La réponse honnête est que cette tendance ne change pas rapidement.

Il a été construit au fil d’années d’expérience adaptative et protège quelque chose qu’il semblait véritablement nécessaire de protéger au moment de sa création. Pour le démanteler, il ne suffit pas de le comprendre intellectuellement – ​​ce qui est souvent la première erreur que commettent les gens. Ils découvrent la théorie de l’attachement, s’y reconnaissent complètement et s’attendent ensuite à ce que la reconnaissance seule change leur comportement.

La reconnaissance est le début. Ce n'est pas le changement lui-même.

Ce qui commence réellement à modifier la tendance, c’est l’expérience accumulée de proximité qui ne produit pas le résultat escompté. Chaque fois qu’une véritable intimité est tolérée – maintenue plutôt que fuie – et que la catastrophe redoutée ne se produit pas, le système nerveux met légèrement à jour sa prédiction.

Pas dramatiquement. Pas définitivement après une seule expérience. Mais légèrement. Et légèrement, répété de manière constante au fil du temps, finit par devenir significatif.

L’autre chose qui change ce schéma est l’honnêteté envers la personne de l’autre côté. Il ne s’agit pas d’une explication clinique de la théorie de l’attachement. Juste l'aveu vulnérable et difficile – je me sens m'éloigner et cela n'a rien à voir avec toi et j'essaie de rester.

Cette phrase, ou toute version honnête de celle-ci, fait quelque chose que la distance ne peut pas faire. Il maintient la connexion présente même lorsque la peur est active. Cela donne à l’autre personne des informations précises au lieu de la laisser inventer des explications qui sont presque certainement fausses.

C'est une petite chose. C’est également l’une des choses les plus difficiles à faire pour les personnes ayant ce schéma.

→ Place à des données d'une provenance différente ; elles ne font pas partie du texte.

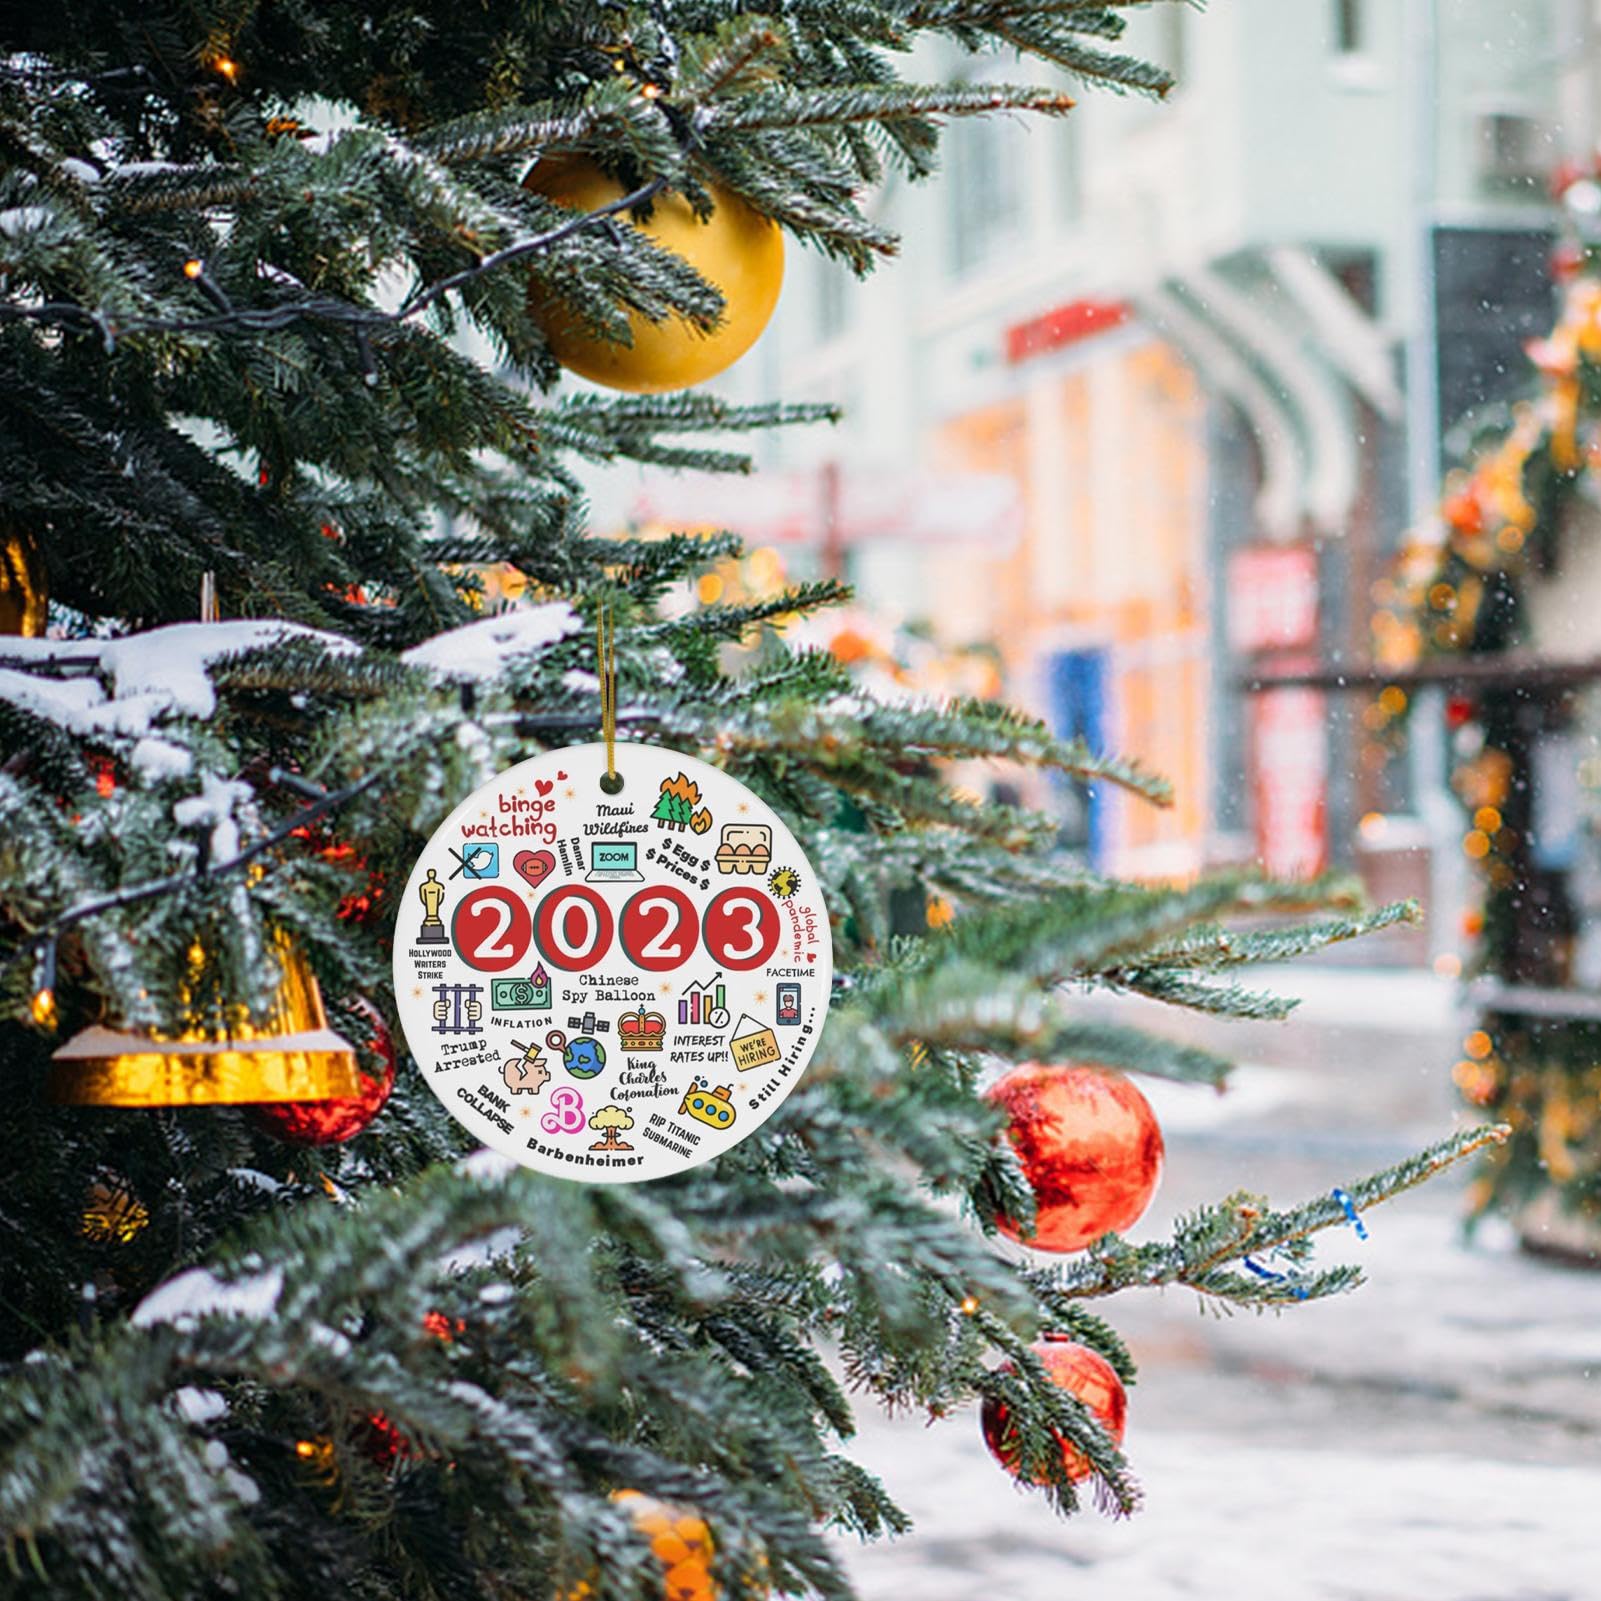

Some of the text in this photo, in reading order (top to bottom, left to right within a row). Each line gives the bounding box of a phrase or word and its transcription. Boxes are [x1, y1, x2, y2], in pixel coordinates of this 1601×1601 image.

[498, 793, 555, 821] binge
[596, 802, 635, 817] Maui
[461, 815, 557, 845] watching
[583, 821, 649, 838] Wildfires
[557, 838, 573, 877] Hamlin
[570, 837, 586, 871] Damar
[599, 852, 629, 862] ZOOM
[672, 843, 699, 867] Egg
[656, 853, 698, 885] Prices
[470, 895, 765, 961] 2023
[781, 900, 805, 963] pandemic
[799, 906, 820, 945] global
[408, 949, 452, 958] HOLLYWOOD
[414, 960, 447, 968] WRITERS
[417, 971, 444, 979] STRIKE
[579, 974, 639, 986] Chinese
[766, 968, 815, 977] FACETIME
[562, 989, 656, 1004] Spy Balloon
[490, 1016, 553, 1029] INFLATION
[440, 1038, 487, 1056] Trump
[673, 1035, 726, 1047] INTEREST
[739, 1037, 767, 1053] WE'RE
[433, 1049, 501, 1073] Arrested
[627, 1056, 657, 1072] King
[670, 1051, 729, 1063] RATES UP!!
[738, 1045, 776, 1066] HIRING
[619, 1070, 668, 1086] Charles
[477, 1084, 511, 1114] BANK
[609, 1082, 680, 1102] Coronation
[748, 1078, 781, 1110] Still
[456, 1087, 515, 1136] COLLAPSE
[540, 1086, 587, 1135] B
[648, 1113, 701, 1146] RIP TITANIC
[526, 1137, 644, 1167] Barbenheimer
[642, 1127, 693, 1159] SUBMARINE
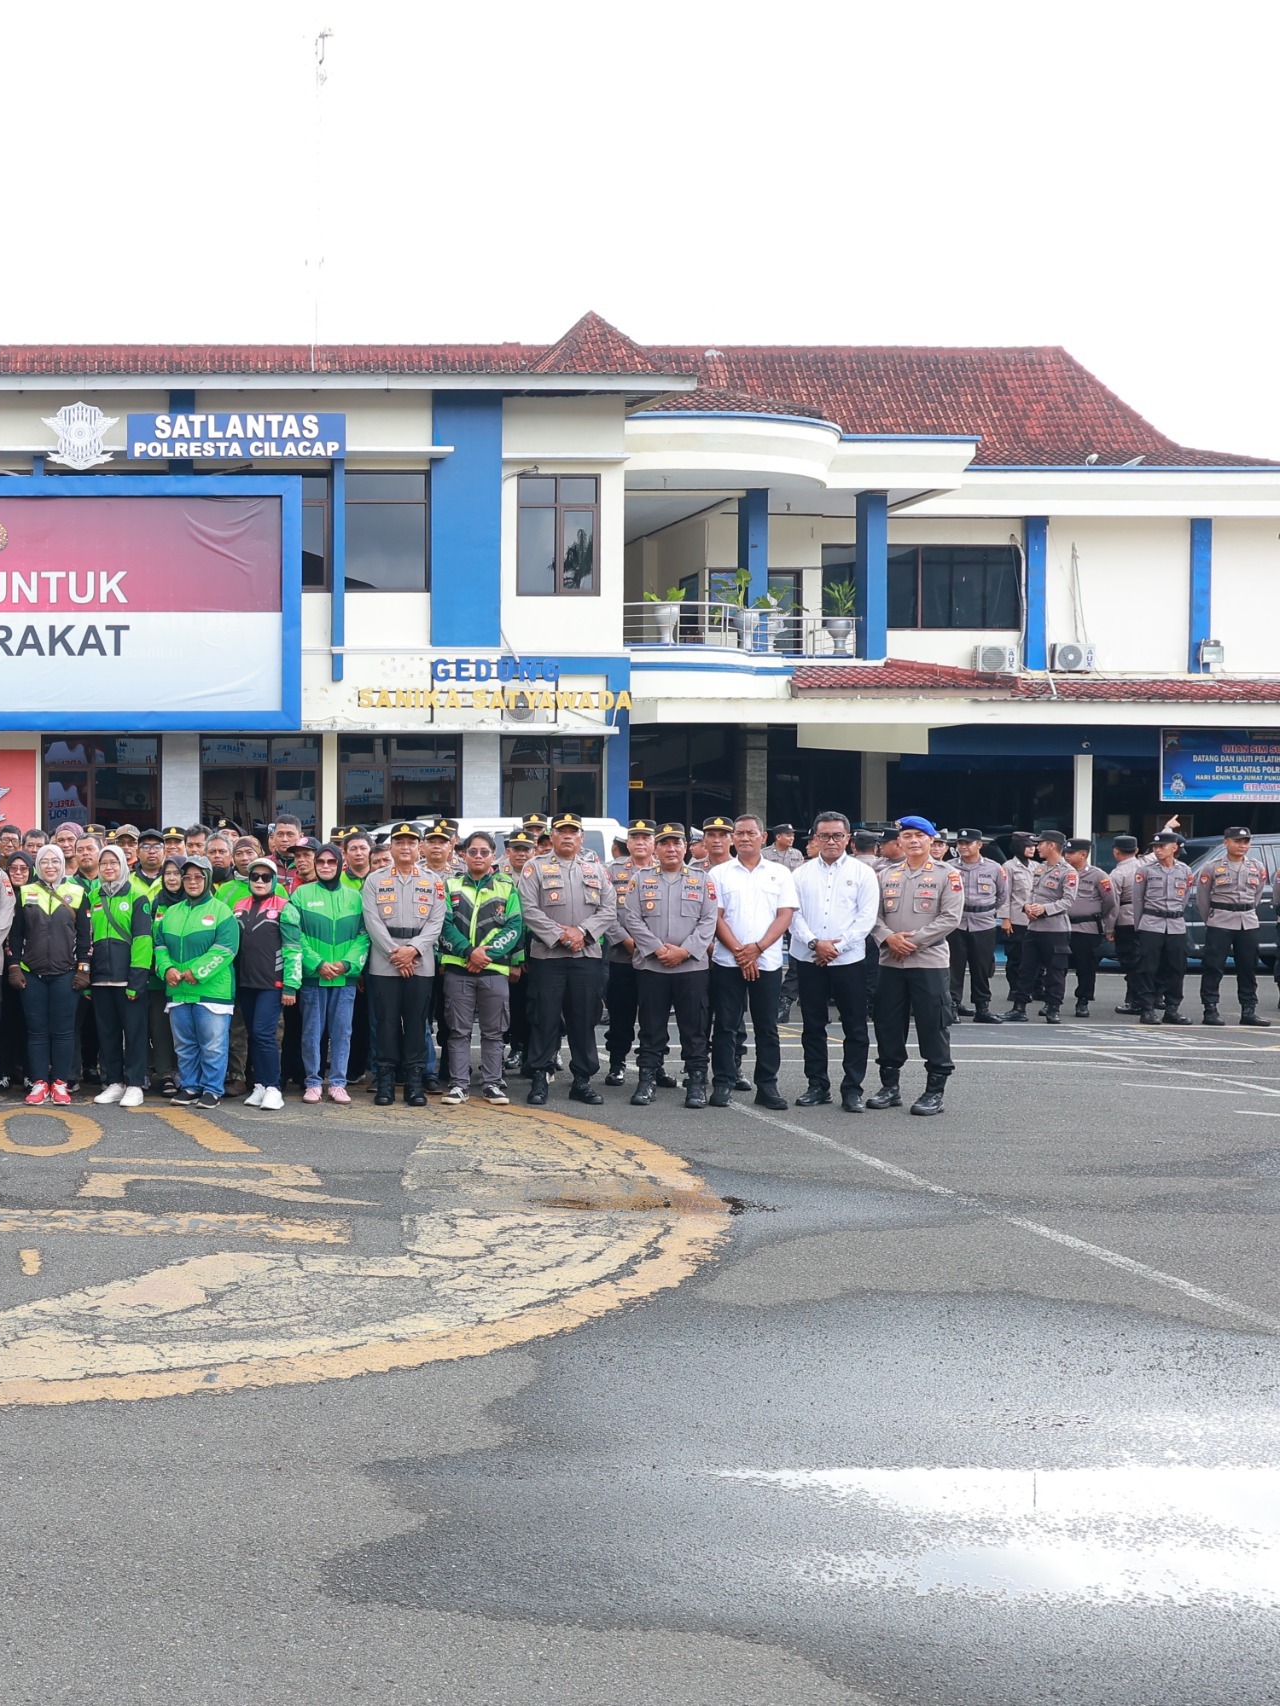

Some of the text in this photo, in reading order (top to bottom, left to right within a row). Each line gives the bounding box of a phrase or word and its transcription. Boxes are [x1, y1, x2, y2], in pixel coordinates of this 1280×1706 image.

[154, 414, 319, 439] SATLANTAS
[133, 441, 340, 458] POLRESTA CILACAP
[431, 658, 560, 683] GEDUNG
[358, 688, 633, 711] SANIKA SATYAWADA
[1220, 755, 1235, 763] DAN
[1236, 755, 1253, 763] IKUTI
[1222, 745, 1249, 753] UJIAN
[1250, 745, 1268, 753] SIM
[197, 955, 224, 978] Grab
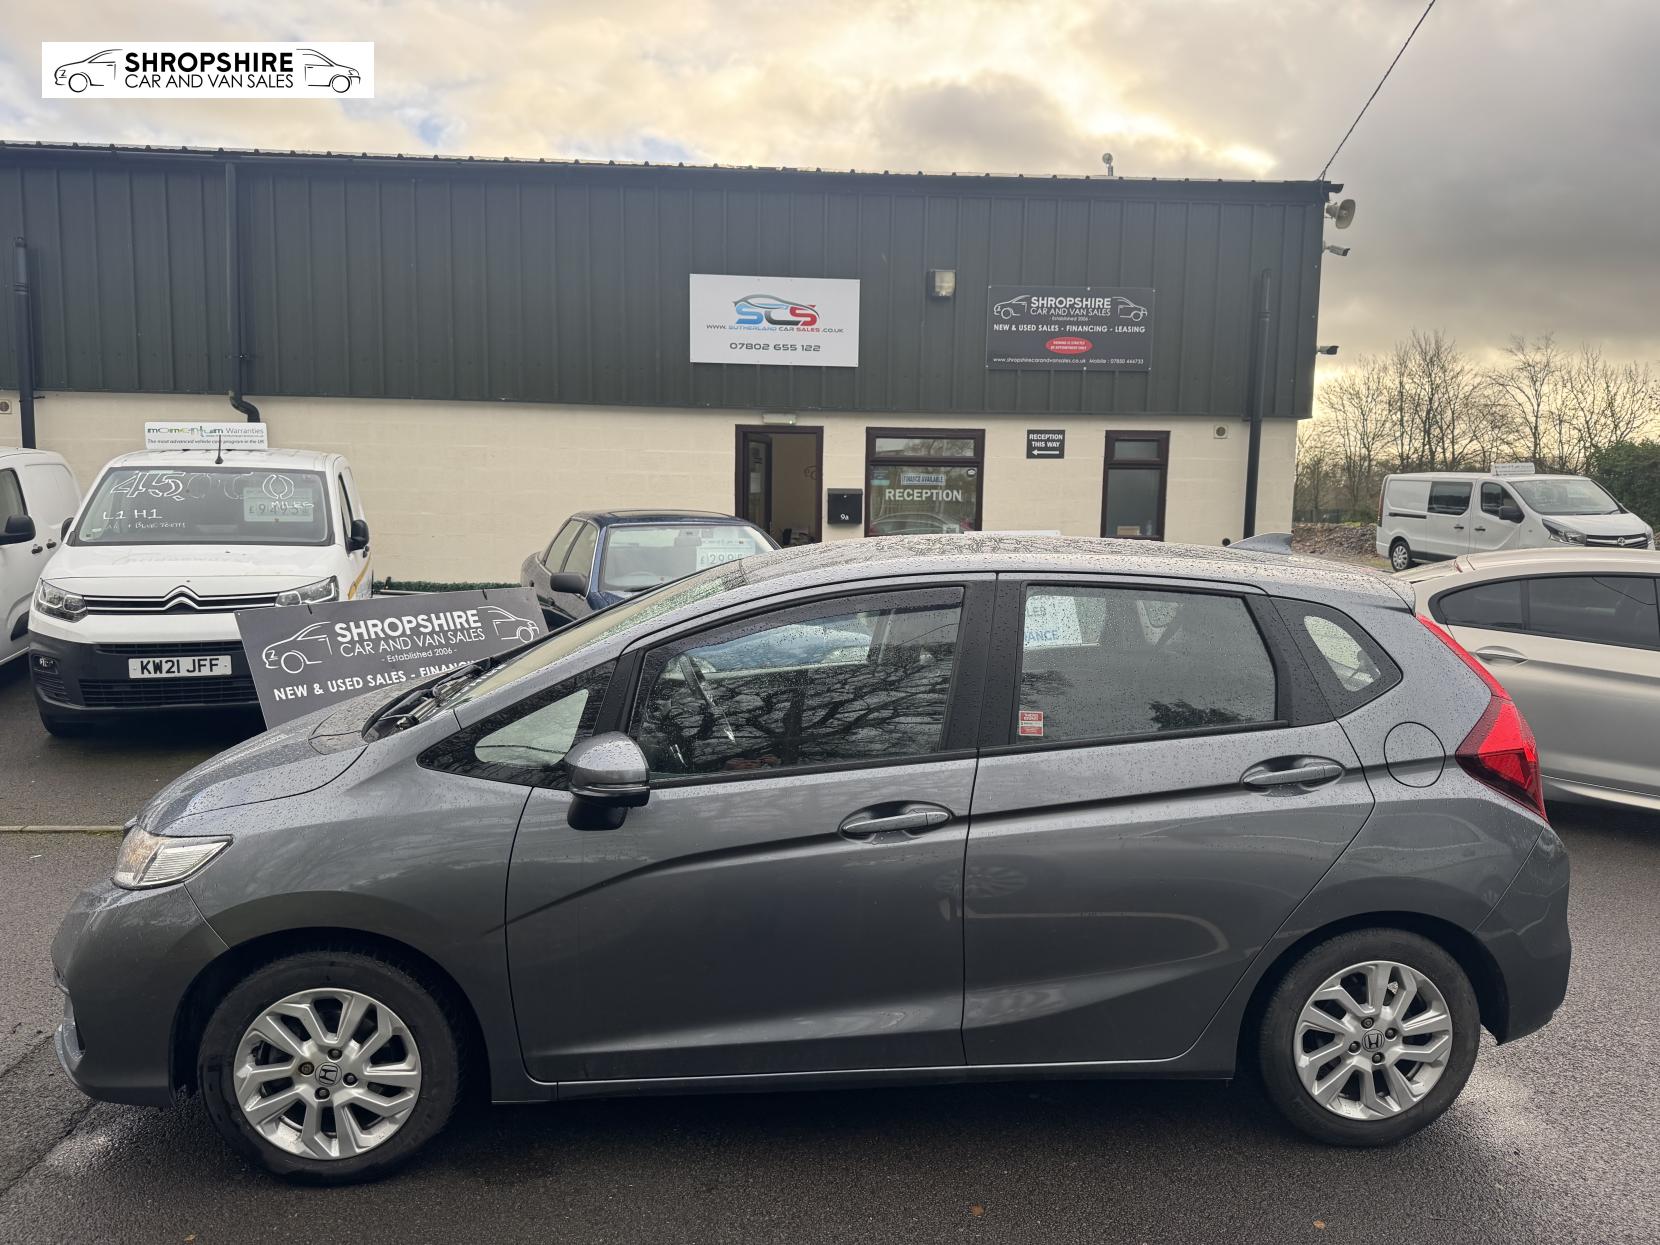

Parce que cela nécessite exactement la vulnérabilité que l’ensemble du système a été conçu pour éviter.

Mais c’est le chemin le plus direct depuis l’ancien modèle vers quelque chose de véritablement différent.

S'éloigner de l'amour n'est pas un défaut de caractère. C'est une vieille blessure qui s'exprime dans le présent.

La question n’est pas de savoir si la blessure existe. Il s'agit de savoir si la personne qui le porte est prête à laisser le présent être différent du passé qui l'a créé.

Cette volonté est le point de départ de tout.

Ce message était publié précédemment sur medium.com.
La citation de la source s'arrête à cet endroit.